The Pictorial Cortex: Zero-Shot Cross-Subject fMRI-to-Image Reconstruction via Compositional Latent Modeling

Decoding visual experiences from human brain activity remains a central challenge at the intersection of neuroscience, neuroimaging, and artificial intelligence. A critical obstacle is the inherent variability of cortical responses: neural activity elicited by the same visual stimulus differs across individuals and trials due to anatomical, functional, cognitive, and experimental factors, making fMRI-to-image reconstruction non-injective. In this paper, we tackle a challenging yet practically meaningful problem: zero-shot cross-subject fMRI-to-image reconstruction, where the visual experience of a previously unseen individual must be reconstructed without subject-specific training. To enable principled evaluation, we present a unified cortical-surface dataset -- UniCortex-fMRI, assembled from multiple visual-stimulus fMRI datasets to provide broad coverage of subjects and stimuli. Our UniCortex-fMRI is particularly processed by standardized data formats to make it possible to explore this possibility in the zero-shot scenario of cross-subject fMRI-to-image reconstruction. To tackle the modeling challenge, we propose PictorialCortex, which models fMRI activity using a compositional latent formulation that structures stimulus-driven representations under subject-, dataset-, and trial-related variability. PictorialCortex operates in a universal cortical latent space and implements this formulation through a latent factorization-composition module, reinforced by paired factorization and re-factorizing consistency regularization. During inference, surrogate latents synthesized under multiple seen-subject conditions are aggregated to guide diffusion-based image synthesis for unseen subjects. Extensive experiments show that PictorialCortex improves zero-shot cross-subject visual reconstruction, highlighting the benefits of compositional latent modeling and multi-dataset training.

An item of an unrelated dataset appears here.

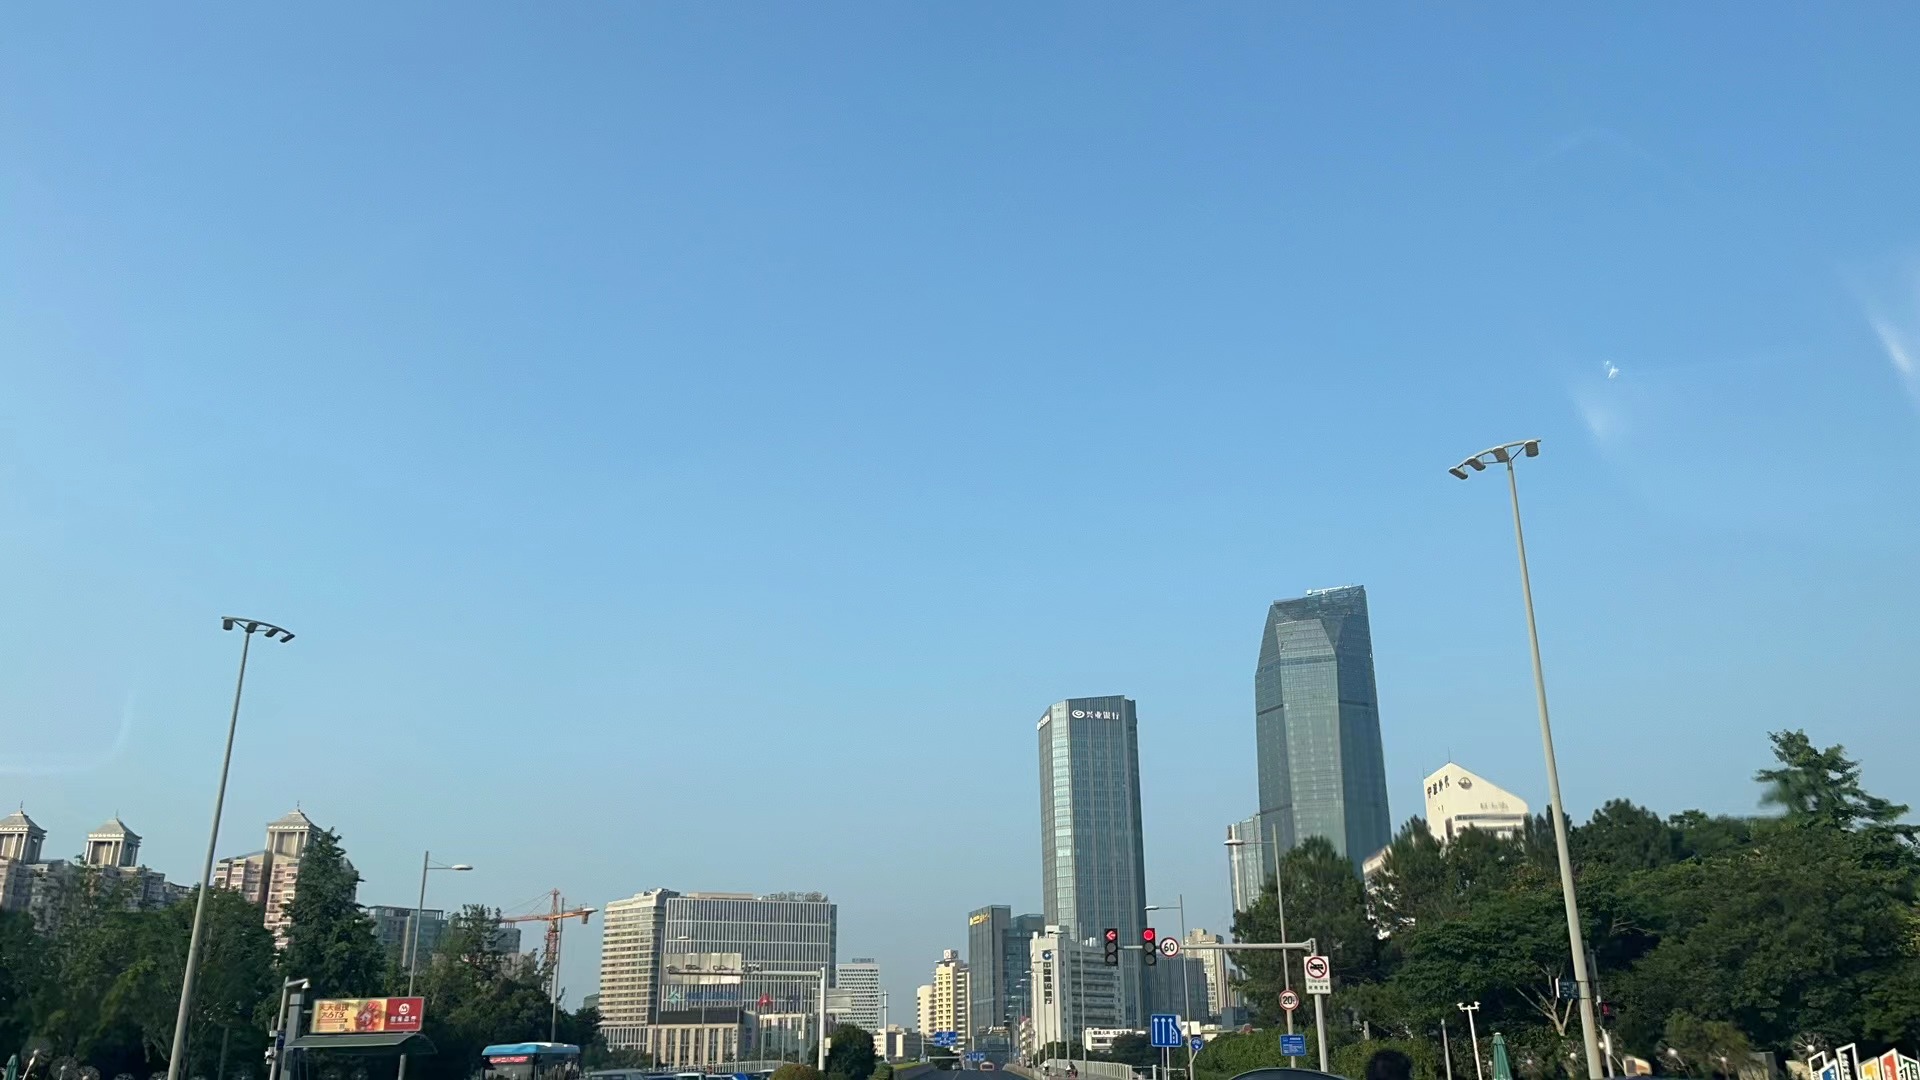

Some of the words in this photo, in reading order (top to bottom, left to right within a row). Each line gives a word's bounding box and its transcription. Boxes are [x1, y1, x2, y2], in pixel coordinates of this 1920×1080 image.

[1086, 711, 1119, 720] 兴业银行
[1164, 942, 1175, 952] 60
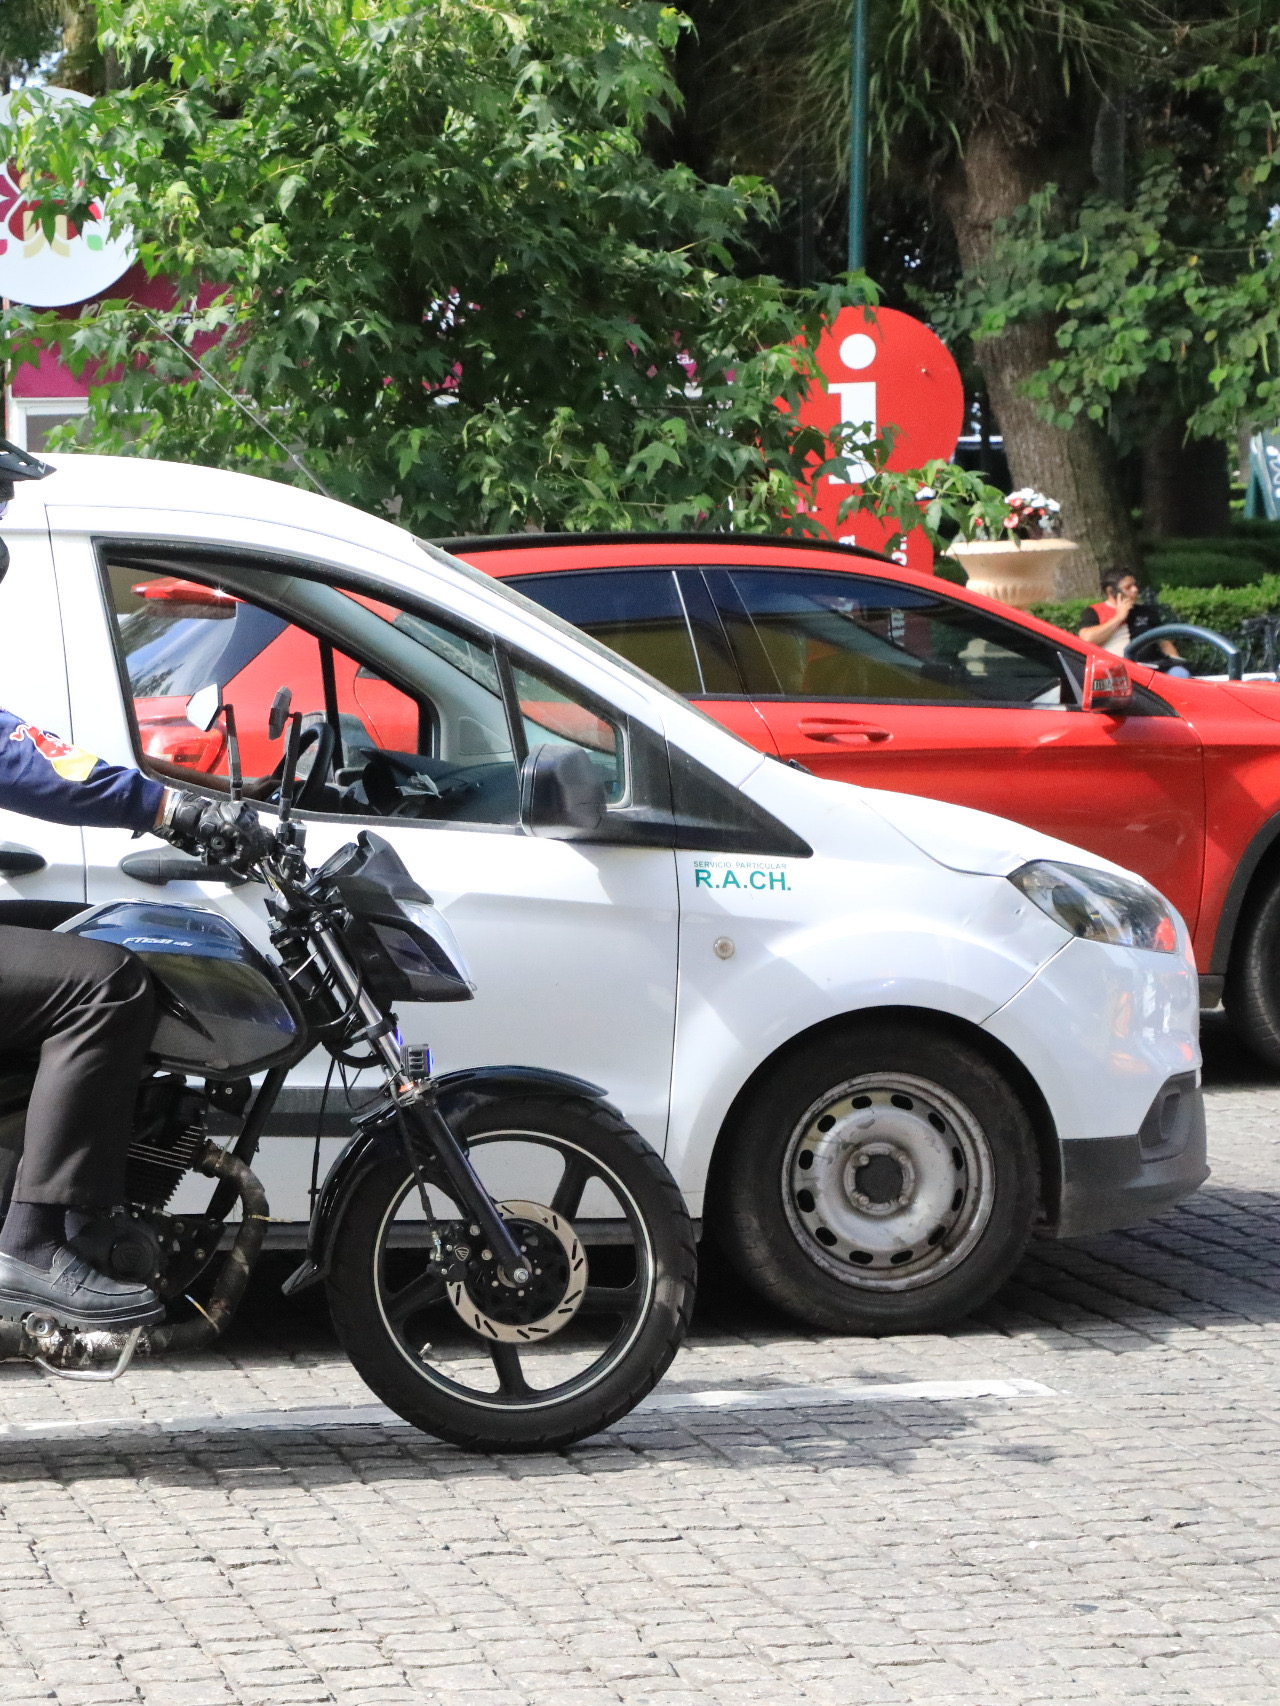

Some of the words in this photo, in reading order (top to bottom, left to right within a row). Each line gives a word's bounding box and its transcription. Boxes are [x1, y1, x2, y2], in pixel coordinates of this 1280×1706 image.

翻译：从人类大脑活动中解码视觉体验，仍然是神经科学、神经影像学和人工智能交叉领域的核心挑战。一个关键障碍在于皮层响应的固有变异性：由于解剖、功能、认知及实验因素，同一视觉刺激引发的神经活动在不同个体和不同试次间存在差异，导致fMRI到图像的重建不具备单射性。本文致力于解决一个具有挑战性但具有实际意义的问题：零样本跨被试fMRI到图像重建，即必须在没有针对特定被试进行训练的情况下，重建先前未见个体的视觉体验。为了支持有原则的评估，我们提出了一个统一的皮层表面数据集——UniCortex-fMRI，该数据集整合了多个视觉刺激fMRI数据集，以广泛覆盖被试和刺激。我们的UniCortex-fMRI经过特别处理，采用标准化数据格式，使得在跨被试fMRI到图像重建的零样本场景下探索这种可能性成为可能。为了应对建模挑战，我们提出了PictorialCortex模型，该模型采用一种组合潜在公式对fMRI活动进行建模，该公式在受试者、数据集和试次相关变异性的约束下，构建刺激驱动的表征。PictorialCortex在一个通用的皮层潜在空间中运行，并通过一个潜在因子分解-组合模块实现该公式，该模块辅以配对因子分解和再因子化一致性正则化进行强化。在推理过程中，综合多个已见被试条件下合成的代理潜在变量，用以指导基于扩散模型的未见被试图像生成。大量实验表明，PictorialCortex提升了零样本跨被试视觉重建的性能，凸显了组合潜在建模和多数据集训练的优势。